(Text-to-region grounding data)
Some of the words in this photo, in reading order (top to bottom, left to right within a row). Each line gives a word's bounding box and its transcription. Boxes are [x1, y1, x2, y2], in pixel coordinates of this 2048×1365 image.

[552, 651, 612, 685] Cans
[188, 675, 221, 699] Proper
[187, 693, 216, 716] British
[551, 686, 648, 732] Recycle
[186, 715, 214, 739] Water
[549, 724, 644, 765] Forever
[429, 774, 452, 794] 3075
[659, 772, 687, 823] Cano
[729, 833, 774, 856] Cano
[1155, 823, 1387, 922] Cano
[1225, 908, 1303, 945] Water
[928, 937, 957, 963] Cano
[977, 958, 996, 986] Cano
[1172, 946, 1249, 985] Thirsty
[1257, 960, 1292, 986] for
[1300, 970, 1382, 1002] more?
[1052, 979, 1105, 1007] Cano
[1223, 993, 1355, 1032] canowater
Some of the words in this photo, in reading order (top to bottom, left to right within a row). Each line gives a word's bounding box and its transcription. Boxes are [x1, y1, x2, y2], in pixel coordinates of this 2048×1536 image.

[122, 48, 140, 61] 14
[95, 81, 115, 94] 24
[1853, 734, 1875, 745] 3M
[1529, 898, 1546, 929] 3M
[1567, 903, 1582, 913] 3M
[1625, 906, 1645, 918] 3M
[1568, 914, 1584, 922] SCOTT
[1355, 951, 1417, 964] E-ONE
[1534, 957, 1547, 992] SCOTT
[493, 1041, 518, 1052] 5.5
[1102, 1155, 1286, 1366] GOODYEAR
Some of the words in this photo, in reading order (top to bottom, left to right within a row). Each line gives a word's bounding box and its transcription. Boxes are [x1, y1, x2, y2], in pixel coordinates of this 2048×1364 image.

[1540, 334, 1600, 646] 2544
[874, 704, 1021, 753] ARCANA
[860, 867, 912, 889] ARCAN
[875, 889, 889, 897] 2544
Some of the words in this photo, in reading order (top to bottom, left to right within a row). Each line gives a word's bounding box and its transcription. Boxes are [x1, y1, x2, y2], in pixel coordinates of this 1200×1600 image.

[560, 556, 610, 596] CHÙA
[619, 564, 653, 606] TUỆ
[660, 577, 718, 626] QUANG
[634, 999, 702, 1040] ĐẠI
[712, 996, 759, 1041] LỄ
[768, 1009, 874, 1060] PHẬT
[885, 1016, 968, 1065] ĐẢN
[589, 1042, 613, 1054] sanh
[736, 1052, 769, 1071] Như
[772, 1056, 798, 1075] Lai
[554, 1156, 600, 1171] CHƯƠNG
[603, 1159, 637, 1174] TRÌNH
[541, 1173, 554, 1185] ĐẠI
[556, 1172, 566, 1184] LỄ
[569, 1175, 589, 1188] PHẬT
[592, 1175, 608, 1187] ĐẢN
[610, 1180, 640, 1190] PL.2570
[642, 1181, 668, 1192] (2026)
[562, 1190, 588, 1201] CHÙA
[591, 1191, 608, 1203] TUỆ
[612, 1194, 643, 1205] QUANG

__TASK DESCRIPTION__:
Generate a verbatim printout of all the entries.

__WRITTEN REPLY__:
Some of the words in this photo, in reading order (top to bottom, left to right within a row). Each line gives a word's bounding box and its transcription. Boxes are [x1, y1, x2, y2], in pixel coordinates of this 2048×1365 image.

[552, 651, 612, 685] Cans
[188, 675, 221, 699] Proper
[187, 693, 216, 716] British
[551, 686, 648, 732] Recycle
[186, 715, 214, 739] Water
[549, 724, 644, 765] Forever
[429, 774, 452, 794] 3075
[659, 772, 687, 823] Cano
[729, 833, 774, 856] Cano
[1155, 823, 1387, 922] Cano
[1225, 908, 1303, 945] Water
[928, 937, 957, 963] Cano
[977, 958, 996, 986] Cano
[1172, 946, 1249, 985] Thirsty
[1257, 960, 1292, 986] for
[1300, 970, 1382, 1002] more?
[1052, 979, 1105, 1007] Cano
[1223, 993, 1355, 1032] canowater
Some of the words in this photo, in reading order (top to bottom, left to right within a row). Each line gives a word's bounding box and its transcription. Boxes are [x1, y1, x2, y2], in pixel coordinates of this 2048×1536 image.

[122, 48, 140, 61] 14
[95, 81, 115, 94] 24
[1853, 734, 1875, 745] 3M
[1529, 898, 1546, 929] 3M
[1567, 903, 1582, 913] 3M
[1625, 906, 1645, 918] 3M
[1568, 914, 1584, 922] SCOTT
[1355, 951, 1417, 964] E-ONE
[1534, 957, 1547, 992] SCOTT
[493, 1041, 518, 1052] 5.5
[1102, 1155, 1286, 1366] GOODYEAR
Some of the words in this photo, in reading order (top to bottom, left to right within a row). Each line gives a word's bounding box and its transcription. Boxes are [x1, y1, x2, y2], in pixel coordinates of this 2048×1364 image.

[1540, 334, 1600, 646] 2544
[874, 704, 1021, 753] ARCANA
[860, 867, 912, 889] ARCAN
[875, 889, 889, 897] 2544
Some of the words in this photo, in reading order (top to bottom, left to right within a row). Each line gives a word's bounding box and its transcription. Boxes are [x1, y1, x2, y2], in pixel coordinates of this 1200×1600 image.

[560, 556, 610, 596] CHÙA
[619, 564, 653, 606] TUỆ
[660, 577, 718, 626] QUANG
[634, 999, 702, 1040] ĐẠI
[712, 996, 759, 1041] LỄ
[768, 1009, 874, 1060] PHẬT
[885, 1016, 968, 1065] ĐẢN
[589, 1042, 613, 1054] sanh
[736, 1052, 769, 1071] Như
[772, 1056, 798, 1075] Lai
[554, 1156, 600, 1171] CHƯƠNG
[603, 1159, 637, 1174] TRÌNH
[541, 1173, 554, 1185] ĐẠI
[556, 1172, 566, 1184] LỄ
[569, 1175, 589, 1188] PHẬT
[592, 1175, 608, 1187] ĐẢN
[610, 1180, 640, 1190] PL.2570
[642, 1181, 668, 1192] (2026)
[562, 1190, 588, 1201] CHÙA
[591, 1191, 608, 1203] TUỆ
[612, 1194, 643, 1205] QUANG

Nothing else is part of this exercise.